**Your assignment**
An exact restatement of the data is required, with the images omitted.

Image-backed grounding data:
▬▬▬▬▬▬

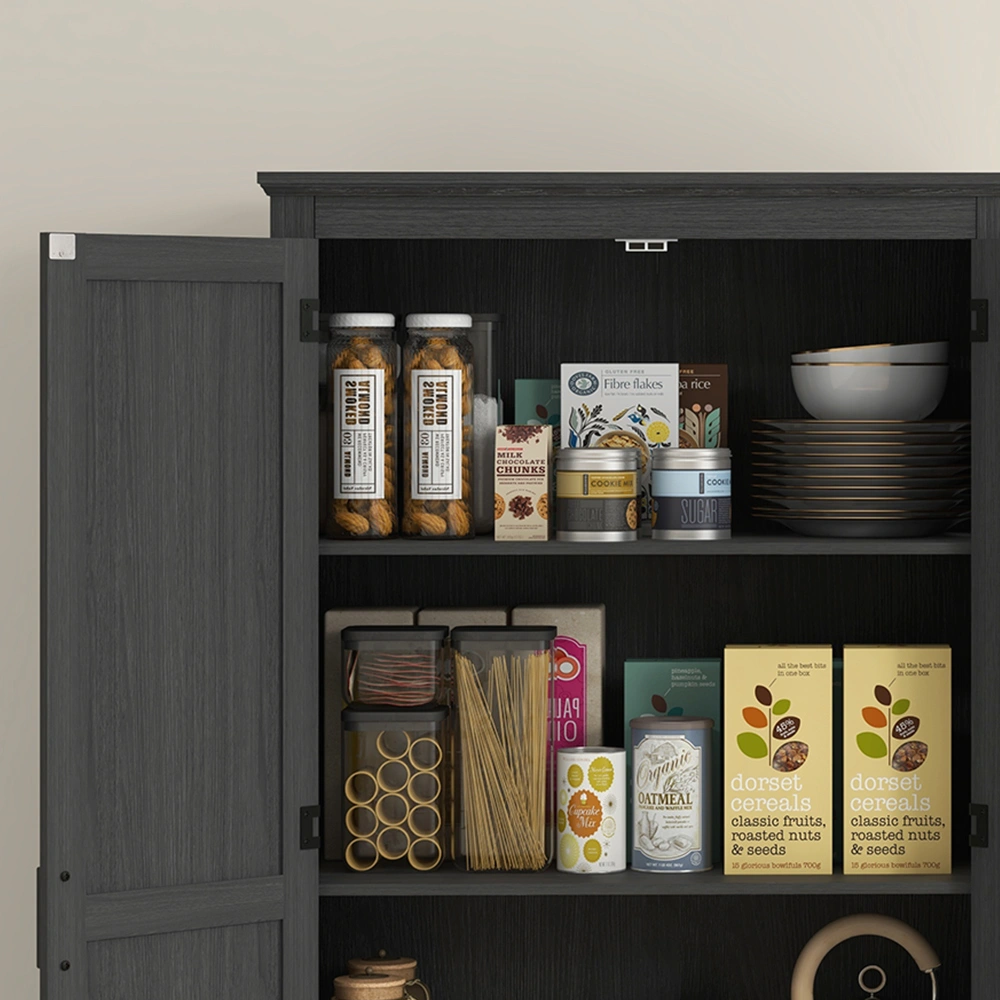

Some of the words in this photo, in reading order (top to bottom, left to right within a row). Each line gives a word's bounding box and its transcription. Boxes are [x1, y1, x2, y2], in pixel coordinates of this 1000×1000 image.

[604, 378, 630, 389] Fibre
[633, 378, 663, 389] flakes
[691, 378, 711, 389] rice
[681, 499, 718, 524] SUGAR
[636, 749, 692, 790] Organic
[731, 774, 803, 792] dorset
[850, 773, 922, 791] dorset
[638, 793, 693, 805] OATMEAL
[731, 794, 812, 812] cereals
[850, 794, 931, 812] cereals
[568, 804, 600, 818] Cupcake
[580, 817, 596, 828] Mix
[731, 815, 779, 827] classic
[783, 815, 826, 828] fruits,
[851, 815, 899, 827] classic
[902, 815, 946, 828] fruits,
[732, 830, 785, 841] roasted
[788, 830, 821, 841] nuts
[851, 830, 904, 841] roasted
[908, 830, 940, 841] nuts
[732, 844, 743, 855] &
[747, 844, 786, 856] seeds
[851, 844, 863, 855] &
[866, 844, 906, 855] seeds

▬▬▬▬▬▬

**Solution for this task**
Some of the words in this photo, in reading order (top to bottom, left to right within a row). Each line gives a word's bounding box and its transcription. Boxes are [x1, y1, x2, y2], in pixel coordinates of this 1000×1000 image.

[604, 378, 630, 389] Fibre
[633, 378, 663, 389] flakes
[691, 378, 711, 389] rice
[681, 499, 718, 524] SUGAR
[636, 749, 692, 790] Organic
[731, 774, 803, 792] dorset
[850, 773, 922, 791] dorset
[638, 793, 693, 805] OATMEAL
[731, 794, 812, 812] cereals
[850, 794, 931, 812] cereals
[568, 804, 600, 818] Cupcake
[580, 817, 596, 828] Mix
[731, 815, 779, 827] classic
[783, 815, 826, 828] fruits,
[851, 815, 899, 827] classic
[902, 815, 946, 828] fruits,
[732, 830, 785, 841] roasted
[788, 830, 821, 841] nuts
[851, 830, 904, 841] roasted
[908, 830, 940, 841] nuts
[732, 844, 743, 855] &
[747, 844, 786, 856] seeds
[851, 844, 863, 855] &
[866, 844, 906, 855] seeds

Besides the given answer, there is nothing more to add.